:: What this task involves ::
With the records in front of you, set every one of them down exactly.

--------

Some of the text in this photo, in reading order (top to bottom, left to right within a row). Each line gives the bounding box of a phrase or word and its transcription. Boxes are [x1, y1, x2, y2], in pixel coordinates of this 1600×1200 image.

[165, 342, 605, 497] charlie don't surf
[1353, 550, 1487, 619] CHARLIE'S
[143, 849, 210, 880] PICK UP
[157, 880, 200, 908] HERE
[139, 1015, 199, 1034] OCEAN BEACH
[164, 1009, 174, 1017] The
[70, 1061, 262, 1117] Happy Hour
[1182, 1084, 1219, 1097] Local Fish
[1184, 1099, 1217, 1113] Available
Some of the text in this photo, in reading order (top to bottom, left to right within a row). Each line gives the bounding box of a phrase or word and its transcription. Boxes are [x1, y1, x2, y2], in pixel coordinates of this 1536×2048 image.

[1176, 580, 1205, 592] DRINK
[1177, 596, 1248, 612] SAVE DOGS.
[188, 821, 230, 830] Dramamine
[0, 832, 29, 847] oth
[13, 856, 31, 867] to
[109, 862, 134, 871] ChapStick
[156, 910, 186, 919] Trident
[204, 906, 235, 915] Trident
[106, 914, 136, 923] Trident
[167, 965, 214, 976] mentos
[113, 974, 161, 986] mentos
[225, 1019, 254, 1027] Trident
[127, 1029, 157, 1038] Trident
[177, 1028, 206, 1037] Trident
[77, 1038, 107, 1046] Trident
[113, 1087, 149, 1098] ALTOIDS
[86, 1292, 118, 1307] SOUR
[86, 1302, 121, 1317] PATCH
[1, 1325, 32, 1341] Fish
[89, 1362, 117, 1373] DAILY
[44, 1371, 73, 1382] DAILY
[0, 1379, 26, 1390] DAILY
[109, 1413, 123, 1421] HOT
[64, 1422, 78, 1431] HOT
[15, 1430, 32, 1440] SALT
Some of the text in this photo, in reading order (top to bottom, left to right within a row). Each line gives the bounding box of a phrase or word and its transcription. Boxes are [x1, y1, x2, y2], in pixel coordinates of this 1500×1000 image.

--------

:: Solution ::
Some of the text in this photo, in reading order (top to bottom, left to right within a row). Each line gives the bounding box of a phrase or word and its transcription. Boxes are [x1, y1, x2, y2], in pixel coordinates of this 1600×1200 image.

[165, 342, 605, 497] charlie don't surf
[1353, 550, 1487, 619] CHARLIE'S
[143, 849, 210, 880] PICK UP
[157, 880, 200, 908] HERE
[139, 1015, 199, 1034] OCEAN BEACH
[164, 1009, 174, 1017] The
[70, 1061, 262, 1117] Happy Hour
[1182, 1084, 1219, 1097] Local Fish
[1184, 1099, 1217, 1113] Available
Some of the text in this photo, in reading order (top to bottom, left to right within a row). Each line gives the bounding box of a phrase or word and its transcription. Boxes are [x1, y1, x2, y2], in pixel coordinates of this 1536×2048 image.

[1176, 580, 1205, 592] DRINK
[1177, 596, 1248, 612] SAVE DOGS.
[188, 821, 230, 830] Dramamine
[0, 832, 29, 847] oth
[13, 856, 31, 867] to
[109, 862, 134, 871] ChapStick
[156, 910, 186, 919] Trident
[204, 906, 235, 915] Trident
[106, 914, 136, 923] Trident
[167, 965, 214, 976] mentos
[113, 974, 161, 986] mentos
[225, 1019, 254, 1027] Trident
[127, 1029, 157, 1038] Trident
[177, 1028, 206, 1037] Trident
[77, 1038, 107, 1046] Trident
[113, 1087, 149, 1098] ALTOIDS
[86, 1292, 118, 1307] SOUR
[86, 1302, 121, 1317] PATCH
[1, 1325, 32, 1341] Fish
[89, 1362, 117, 1373] DAILY
[44, 1371, 73, 1382] DAILY
[0, 1379, 26, 1390] DAILY
[109, 1413, 123, 1421] HOT
[64, 1422, 78, 1431] HOT
[15, 1430, 32, 1440] SALT
Some of the text in this photo, in reading order (top to bottom, left to right within a row). Each line gives the bounding box of a phrase or word and its transcription. Boxes are [x1, y1, x2, y2], in pixel coordinates of this 1500×1000 image.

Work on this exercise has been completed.